Mechanically‐Enhanced, Single‐Phased, and Triple‐Conducting Air Electrode for Robust Oxygen‐Ion and Proton Conducting Ceramic Cells

Abstract Reversible proton‐conducting fuel cells (Re‐PCFCs) are poised to become the next generation of solid‐state ionic devices for direct conversion between hydrogen and electricity. However, their commercialization has been hindered by the absence of a high‐performance triple‐conducting air electrode that combines excellent electrochemical activity with superior mechanical robustness. Here, a robust single‐phased air electrode is successfully developed with its mechanical strength and electrochemical activity greatly co‐enhanced, by employing high valence Nb doping to stabilize the cubic perovskite lattice of pristine BaCe 0.2 Fe 0.8 O 3‐δ . The resulting BaCe 0.1 Fe 0.8 Nb 0.1 O 3‐δ (BCFNb) air electrode demonstrates exceptional mechanical properties in terms of Young's modulus (by 47%) and fracture toughness (by 67%).
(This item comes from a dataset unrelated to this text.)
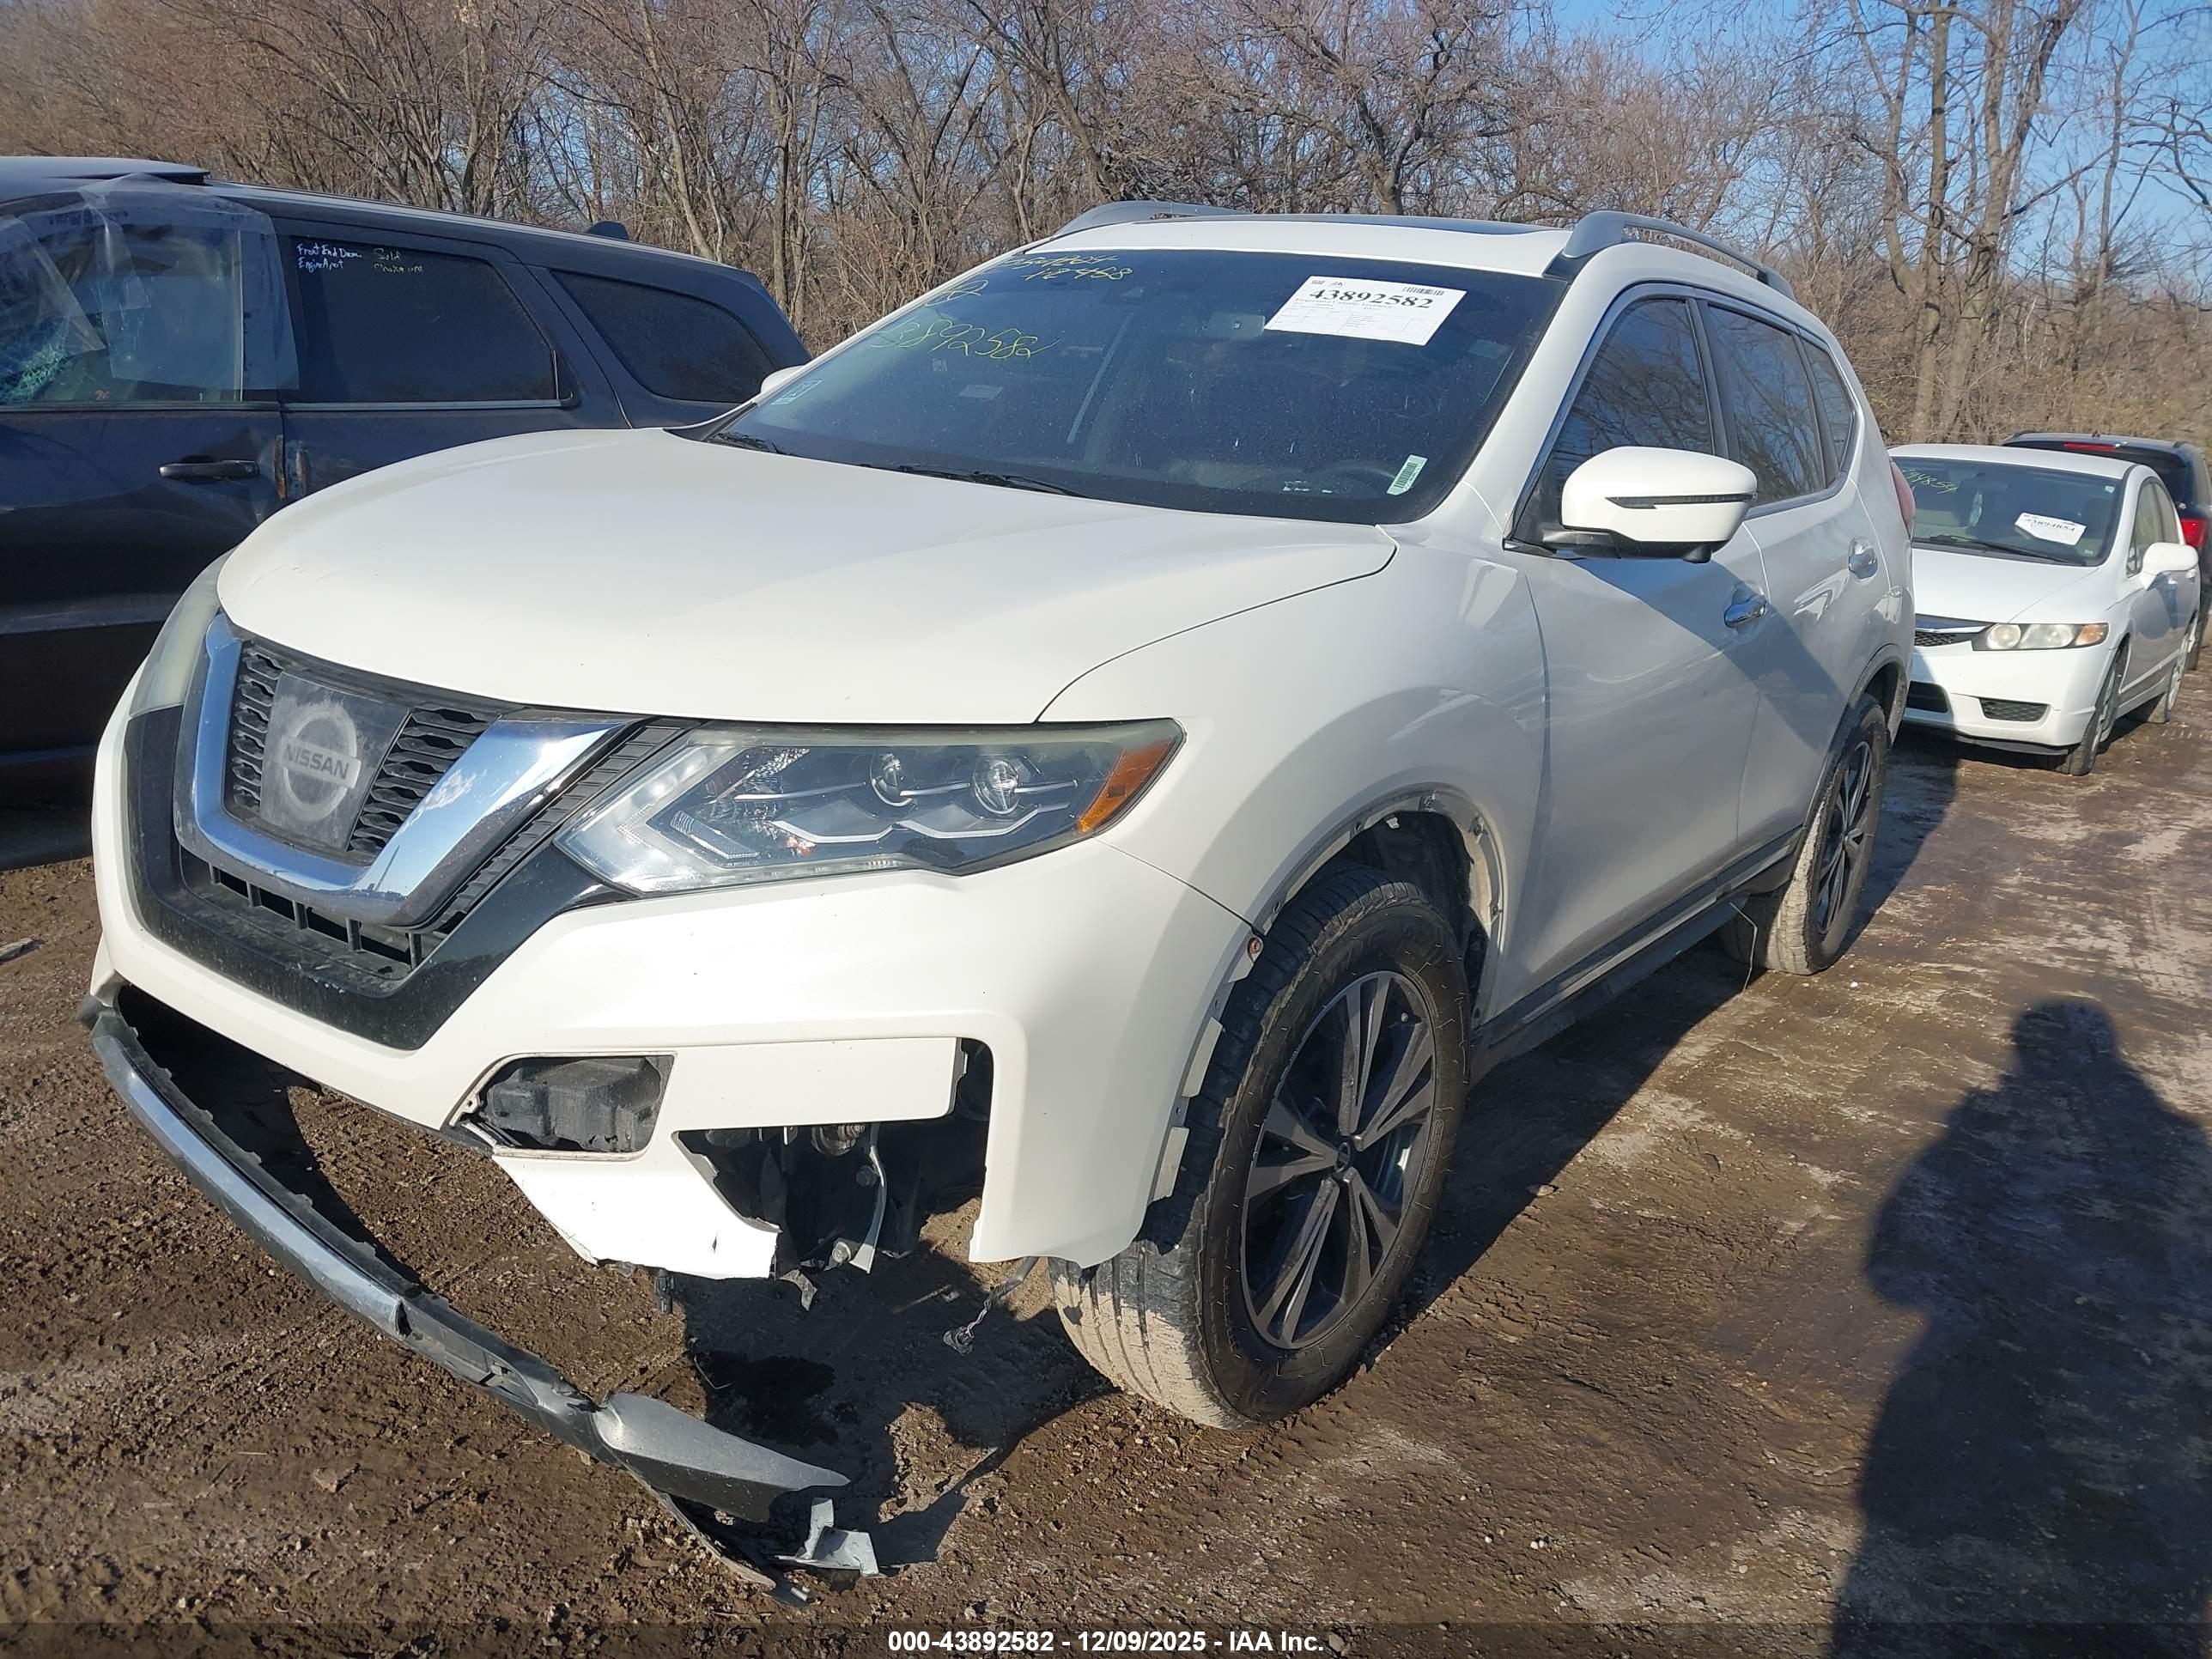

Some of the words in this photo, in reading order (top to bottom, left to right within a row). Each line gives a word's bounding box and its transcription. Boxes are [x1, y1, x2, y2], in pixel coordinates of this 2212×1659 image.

Meanwhile, the distribution of relaxation times (DRT) and Oxygen temperature‐programmed desorption (O 2 ‐TPD) characterization reveals the enhanced oxygen mobility, surface exchange kinetics, and the mixed conductivity of oxygen ions and protons that synergistically resulted in the remarkably enhanced electrochemical activity—only a low area‐specific resistances of 0.262 Ω·cm 2 at 550 °C, translated into a high power densities of 1.091 W cm − 2 at 650 °C with degradation rates <0.005 mV h − ¹ in fuel cell mode and 0.14 mV h − ¹ in electrolytic mode at 550 °C. These results highlight the potential of single‐phased perovskite as air electrode for mechanically and electrochemically robust Re‐PCFCs.